2009年度公務労協情報 31 2009年 3月 4日
公務公共サービス労働組合協議会

"法律案骨子"について実務レベルで交渉・協議−3/3
−職員団体の意見申出権や級別定数移管問題などを議論−

 公務労協は、2月27日に「国家公務員法等の一部を改正する法律案骨子(イメージ)」が公式に提示されたこと(2009年度公務労協情報No.30参照)を踏まえ、3日に公務員事務局と第2回目の交渉・協議を実施した。
 交渉・協議は、17時から行われ、公務労協側から岩岬・藤川両副事務局長ほかの実務交渉メンバーと構成組織担当者が参加し、公務員事務局側は淵上・古賀両審議官らが対応した。
 冒頭、古賀審議官から、法律案骨子の内容について、次の通り、追加説明があった。
(1) 人事院から内閣に移管する機能について、人事院が是正の指示をできることにするが、この場合の「指示」は法令関係の辞典によれば「ある機関が関係の機関または者に対して、その所掌事務に対する方針、基準等を示し、これらを実施させること」をいい、「指揮または命令よりは弱く、勧告より強く重い」が「拘束力は指揮または命令に準ずるもの」と言われている。用例は医師法第24条の2、漁業法第67条などにあり、従わないことは考えられない。
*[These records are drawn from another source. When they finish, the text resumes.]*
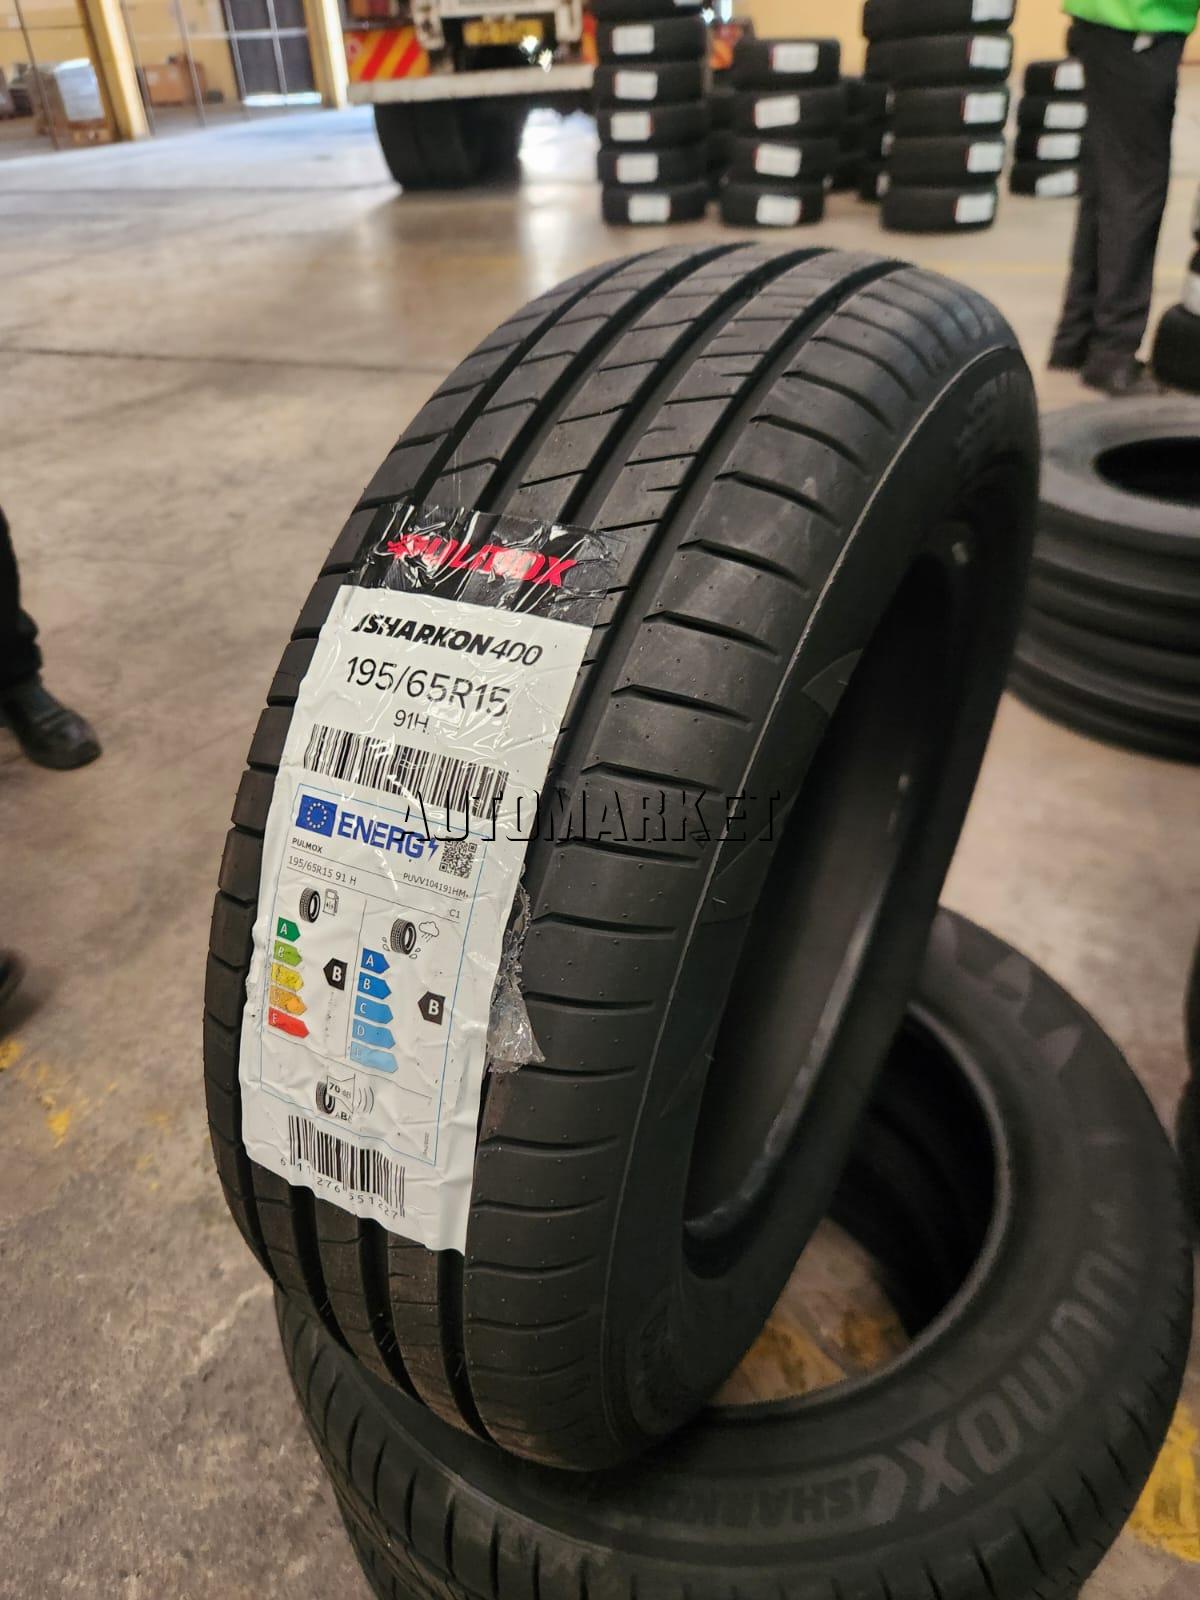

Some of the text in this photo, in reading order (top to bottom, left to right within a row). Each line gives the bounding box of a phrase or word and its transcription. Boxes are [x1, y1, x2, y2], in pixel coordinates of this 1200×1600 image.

[346, 656, 510, 718] 195/65R15
[393, 709, 429, 733] 91H
[337, 811, 424, 859] ENERG
[292, 837, 323, 853] PULMOX
[288, 855, 356, 886] 195/65R15 91 H
[450, 909, 460, 919] C1
[280, 922, 288, 935] A
[365, 954, 374, 967] A
[332, 965, 341, 982] B
[363, 978, 371, 989] B
[360, 1002, 366, 1013] C
[428, 1000, 439, 1015] B
[357, 1025, 364, 1036] D
[329, 1082, 340, 1093] 70
[281, 1158, 287, 1166] 6
そういう前提で法制局の審査を通っている。
(2) 内閣総理大臣が人事院規則の改廃制定に関し人事院に意見の申出をできることにすることに関わって、職員団体にも認めるべきではないかという議論があり、いろいろ検討したが、総理大臣の意見の申出は中央人事行政機関の権限として措置するものであり、そこに職員団体を書くのは法制上整理ができないことから、勤務条件に関する行政措置要求について、職員団体を明記することにより、人事院規則のみならず広い範囲で同じ効果を期待できると考えている。

 これに対し公務労協側は、行政措置要求制度は労働基本権制約の代償措置として位置づけられる仕組みであることや、実態として判定まで時間がかかることを指摘し、「総理大臣という使用者側の中央人事行政機関が第三者機関に対し要請するのであれば、これに対抗する措置として職員団体も要請できないとおかしい。中央人事行政機関の権限のところに書けないのであれば、職員団体のところに書けばいい。そうでなければ、代償措置の空洞化であり、憲法問題にもなる」と具体的対応を求めた。
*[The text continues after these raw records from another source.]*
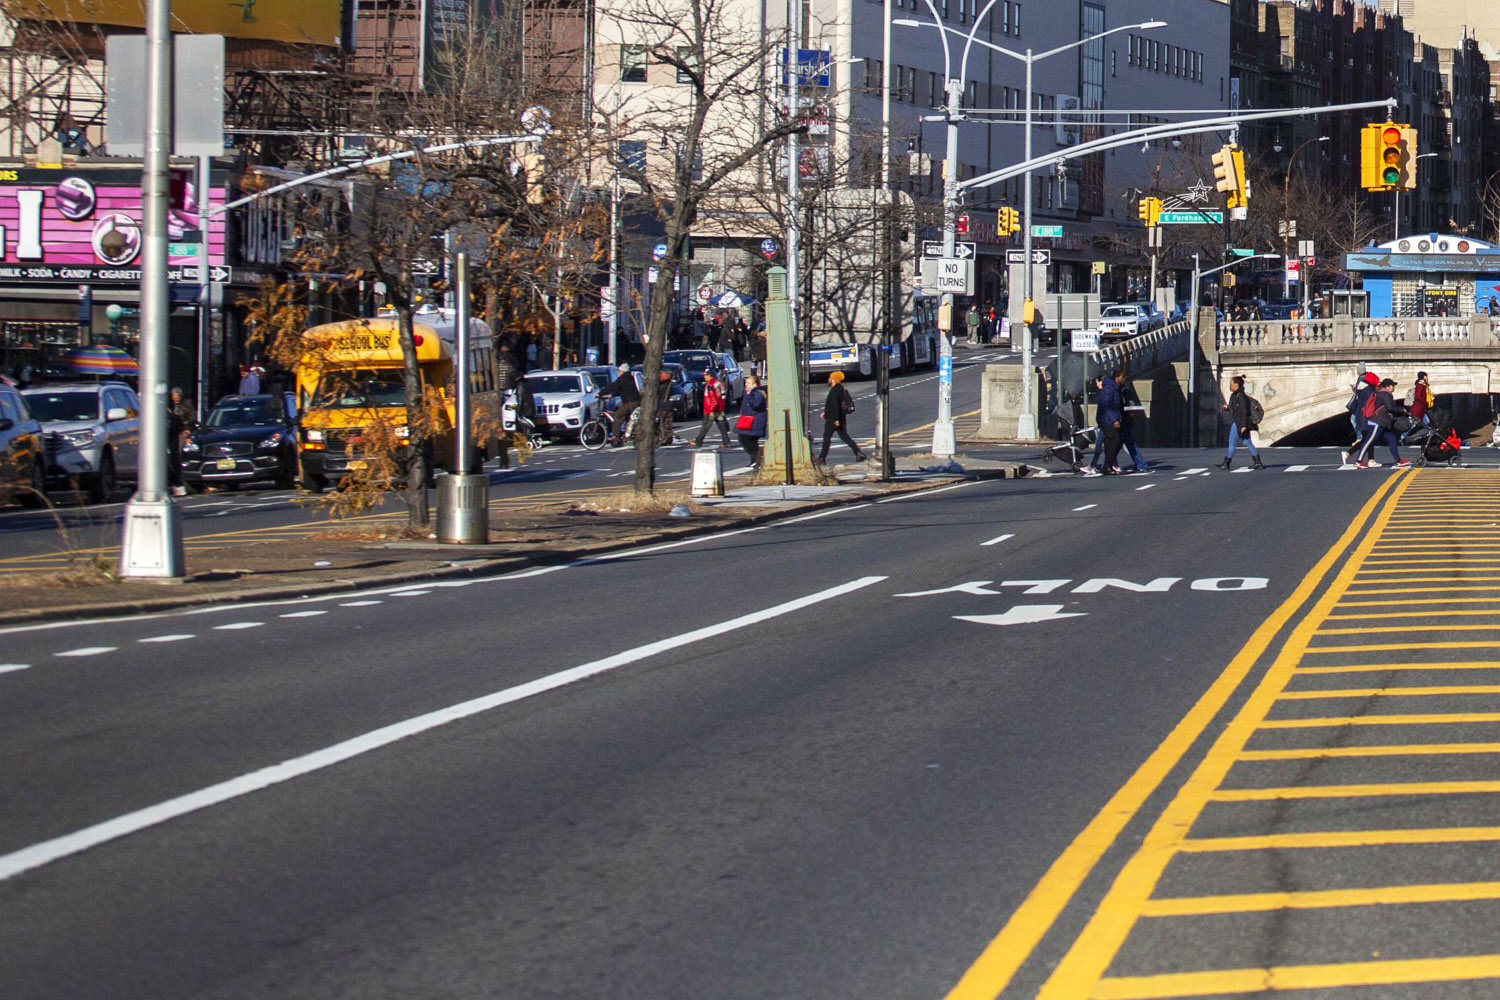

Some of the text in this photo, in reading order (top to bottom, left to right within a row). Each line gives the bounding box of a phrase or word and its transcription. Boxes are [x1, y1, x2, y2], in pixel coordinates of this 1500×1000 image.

[1036, 227, 1040, 236] E
[1042, 227, 1053, 236] 188
[28, 267, 53, 278] SODA
[60, 268, 92, 279] CANDY
[945, 264, 958, 274] NO
[938, 277, 964, 287] TURNS
[339, 335, 389, 349] SCHOOL BUS
[893, 577, 1270, 598] ONLY
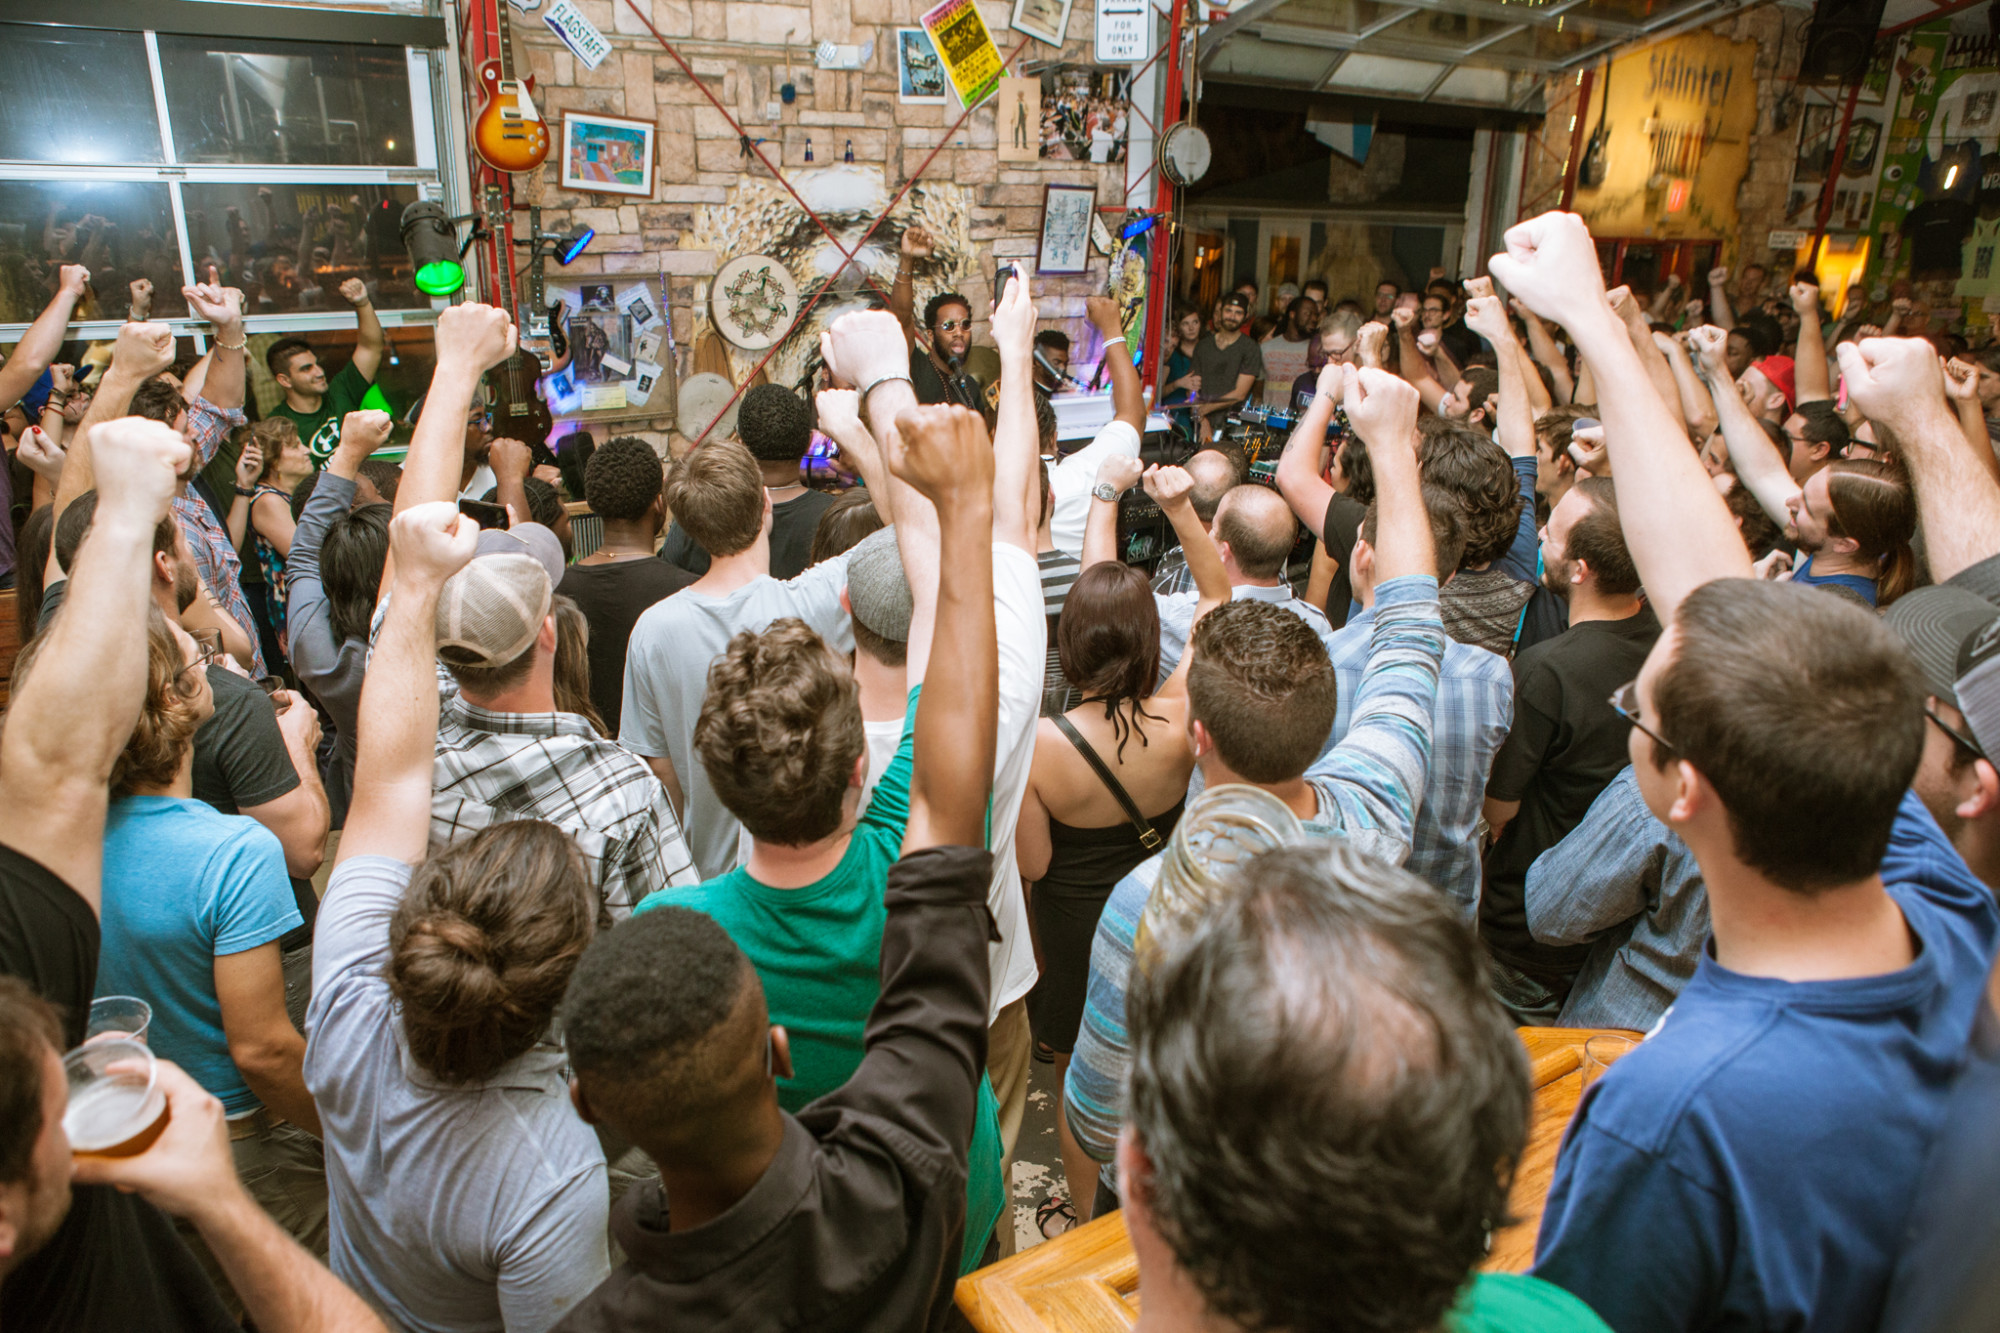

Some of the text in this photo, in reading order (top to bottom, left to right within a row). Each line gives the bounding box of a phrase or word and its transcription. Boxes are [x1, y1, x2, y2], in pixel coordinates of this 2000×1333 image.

 この要求に対し、古賀審議官は「措置要求の実態に問題があれば、人事院に対してきちんとやって下さいということをお願いするということではないか。具体的対応については、人事院からの意見を含め引き続き検討することとしたい。また、憲法違反の法律は出せないので、法制局と相談し、よく検討し、次回の交渉で回答する」との考えを示した。
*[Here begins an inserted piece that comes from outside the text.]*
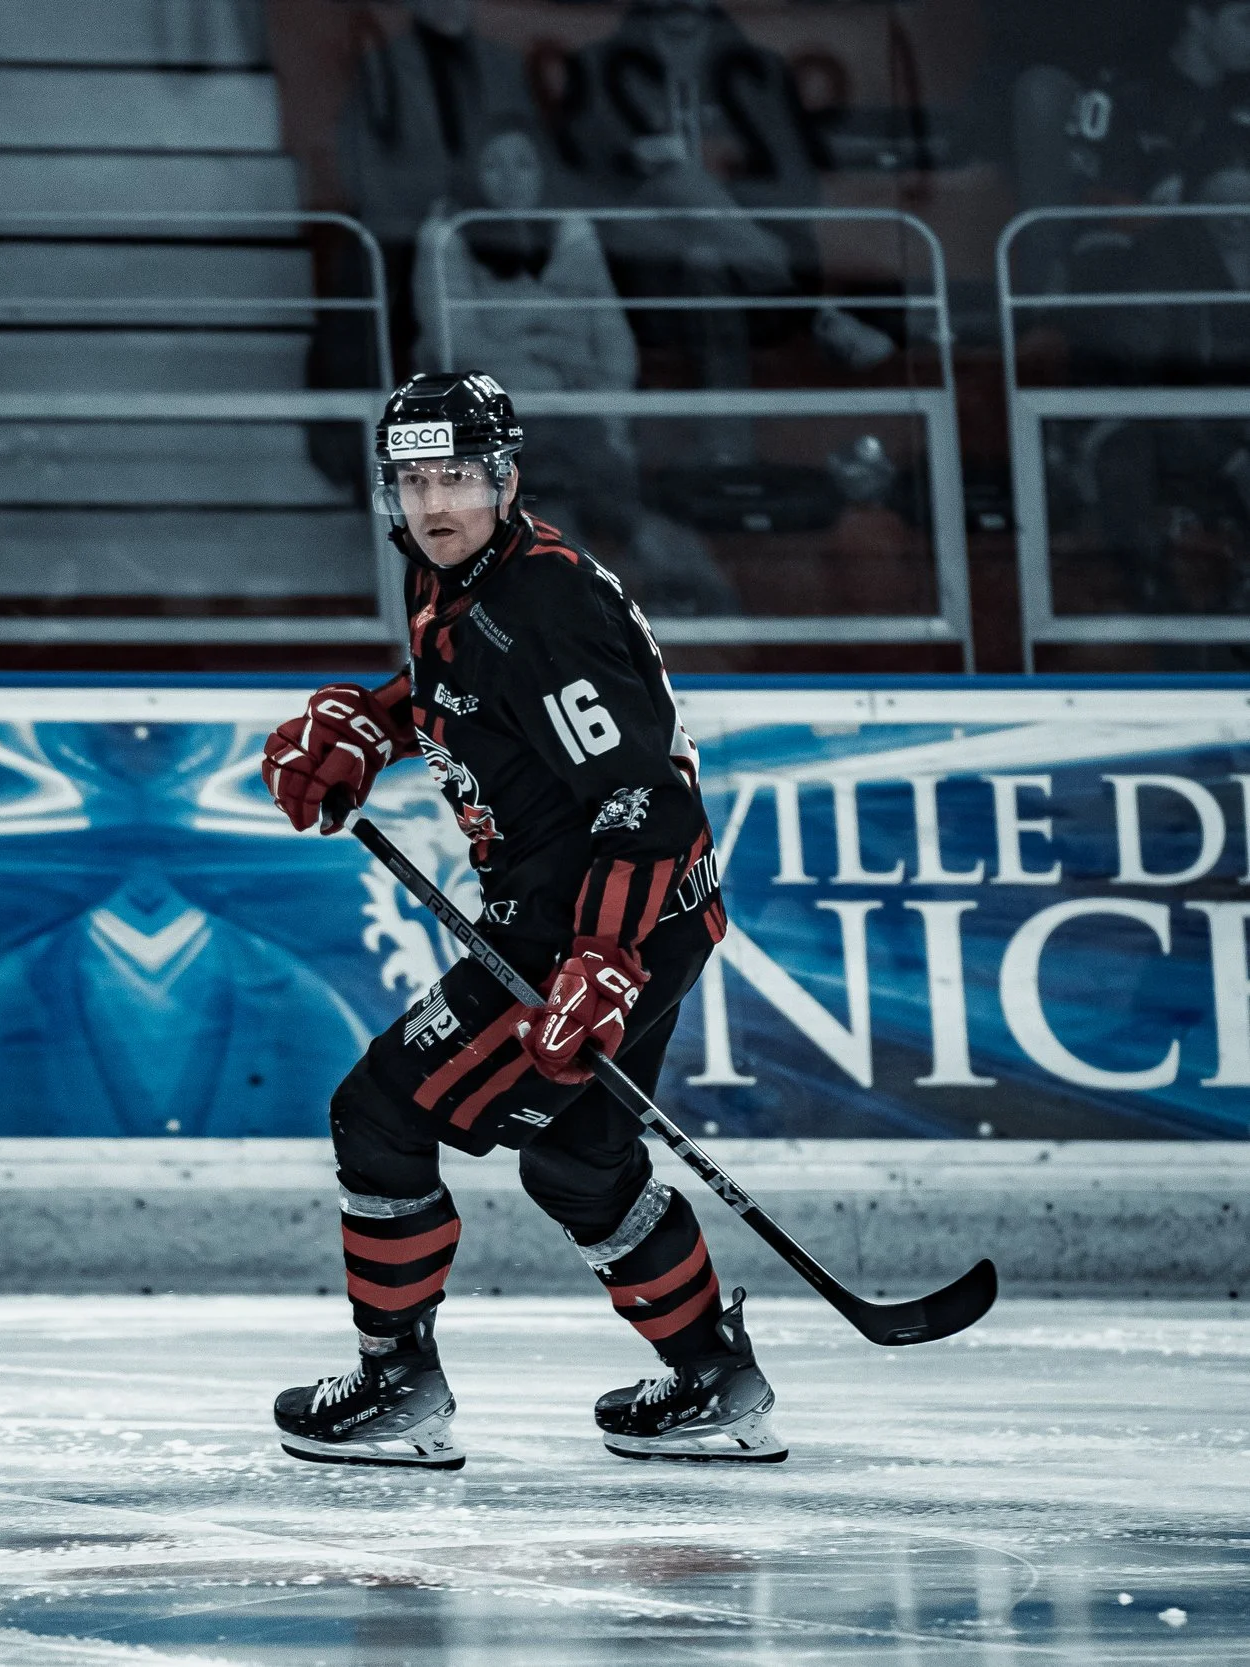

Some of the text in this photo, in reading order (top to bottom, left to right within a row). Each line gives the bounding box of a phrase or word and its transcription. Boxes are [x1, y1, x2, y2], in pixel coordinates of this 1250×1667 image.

[543, 678, 621, 765] 16
[1101, 774, 1250, 887] D
[596, 967, 639, 1009] CC
 続いて、公務労協側は、@幹部職員の任用の弾力化、すなわち幹部職員の範囲で降任できることについて、大臣による情実人事の恐れや身分保障を損ねること、さらに管理職員や一般の職員に拡大することは反対なので慎重に取り扱っていただきたいA級別定数は組織管理の問題ではなく、給与すなわち勤務条件そのものであり、労働基本権制約の下では第三者機関が所掌すべきである。仮に内閣人事・行政管理局に移管した場合、組合と交渉するのか、と公務員事務局の見解を質した。
 これらについて、公務員事務局側は次の通り答えた。
(1) 大臣が誰かを推薦したときは、客観的事実に照らして、@今いる人より優れた業績を上げることが見込まれA今いる人は、例えば局長クラスの中で客観的事実に照らして最も成績が劣りB転任させる適当な官職がない場合に、任用させることにしているので、情実にはならない。なお、降任させる場合には、具体的な事実に厚みがないといけないので、評価の仕組みは検討しないといけないかもしれない。基本法、工程表では幹部職員に限っていないが、今回は幹部職員のみとし、それ以外は引き続き検討したい。
(2) 級別定数は組織管理と連動するものであるが、これまでの経緯もあることから,人事院の意見を聞くことにしている。なお、移管後、職員団体との交渉を含めて具体的にどう扱っていくかについては、人事院と相談中であり、今までと全く違うことをするつもりはない。

 以上のように、公務員事務局側が公務労協の要求に耳を傾けず、一方的な説明に終始したことから、公務労協側は「われわれが納得できる説明をしていただきたい。人事行政の中立公正性確保や内閣人事・行政管理局の機能など残された課題も多いので、再度の交渉・協議を申し入れる。その際には明確な回答をお願いしたい」と申し入れ、第2回の交渉・協議を打ち切った。